Stochastic Control with Distributionally Robust Constraints for Cyber-Physical Systems Vulnerable to Attacks
Nishanth Venkatesh, Aditya Dave, Ioannis Faros, Andreas A. Malikopoulos
TL;DR
The paper tackles robust performance of cyber-physical systems under adversarial attacks by formulating a finite-horizon stochastic control problem with a distributionally robust constraint on the attack-induced penalty. It introduces a dynamic programming decomposition that uses penalty-to-go functions and bound functions to guarantee recursive feasibility of the constraint, and provides a DP recurrence for the expanded state $(X_t,L_t)$. A theoretical result ensures the computed policy is optimal and implementable via $u_t^*=g_t^*(x_t,l_t)$ with an optimal bound $\lambda_{t+1}^*$. A numerical reach-avoid example on a grid demonstrates how the distributionally robust approach trades conservativeness for performance, offering a practical method for resilience in CPS under attack.
Abstract
In this paper, we investigate the control of a cyber-physical system (CPS) while accounting for its vulnerability to external attacks.

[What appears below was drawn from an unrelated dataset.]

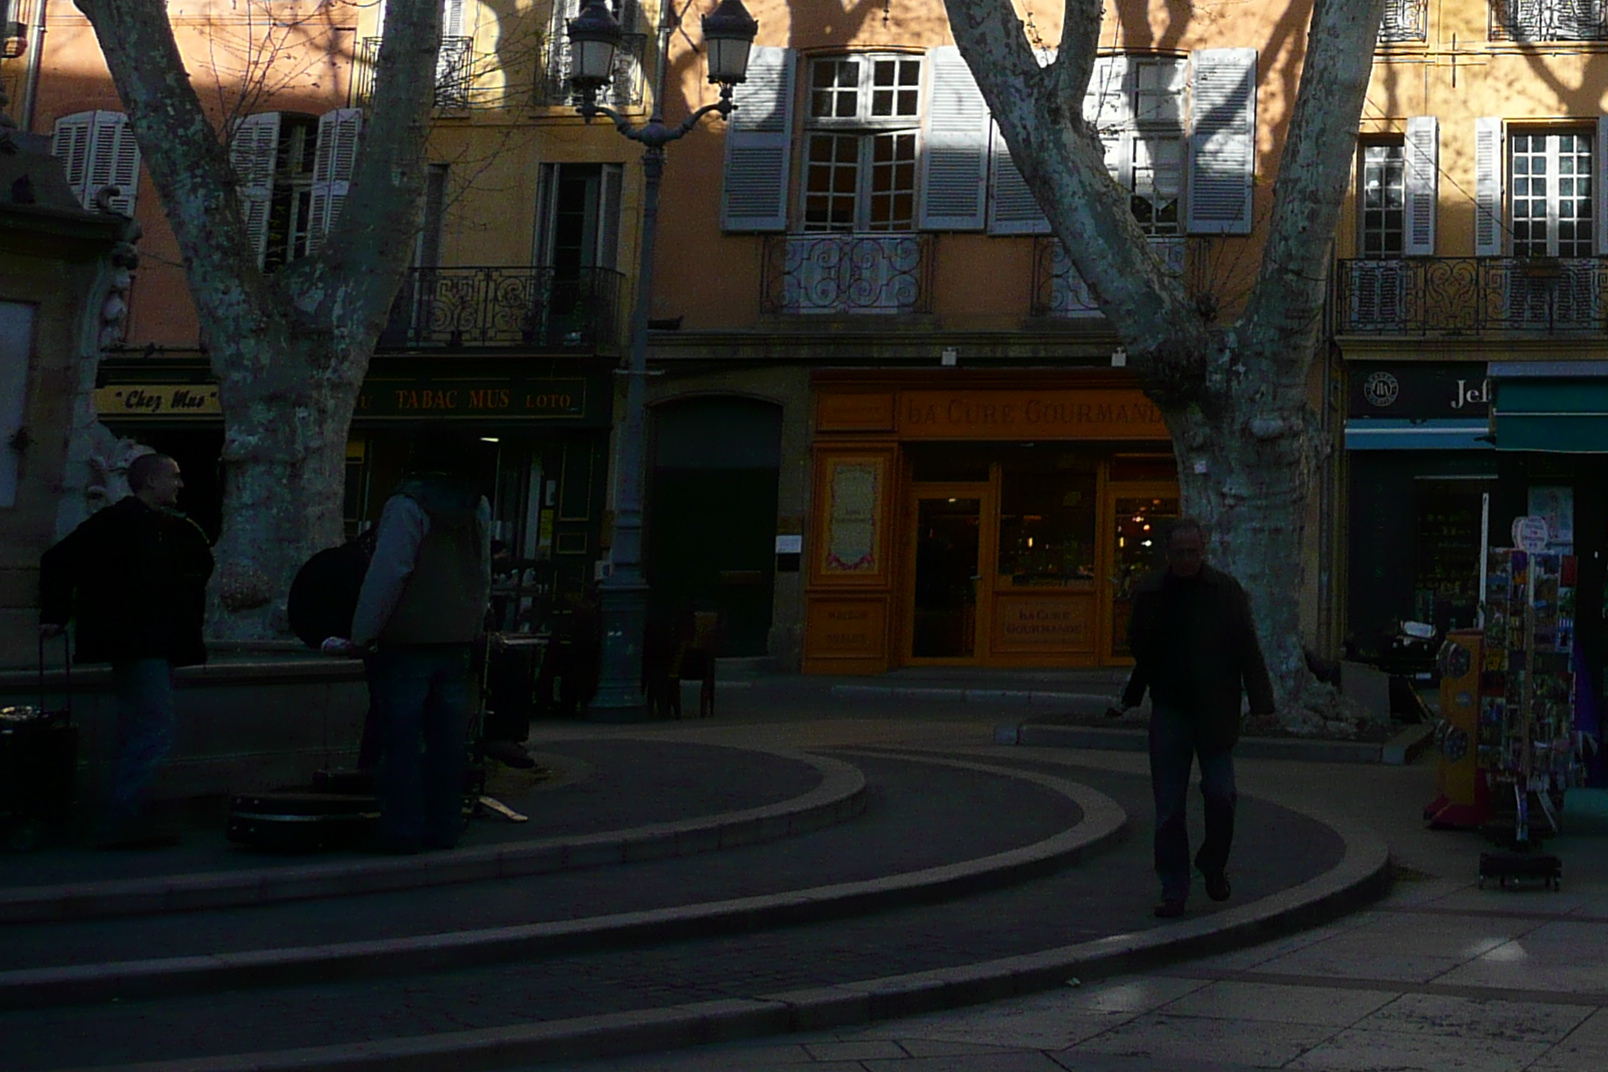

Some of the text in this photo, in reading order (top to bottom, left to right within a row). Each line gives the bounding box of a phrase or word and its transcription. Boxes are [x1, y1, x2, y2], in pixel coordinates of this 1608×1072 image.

We formulate a constrained stochastic problem with a robust constraint to ensure robust operation against potential attacks. We seek to minimize the expected cost subject to a constraint limiting the worst-case expected damage an attacker can impose on the CPS. We present a dynamic programming decomposition to compute the optimal control strategy in this robust-constrained formulation and prove its recursive feasibility. We also illustrate the utility of our results by applying them to a numerical simulation.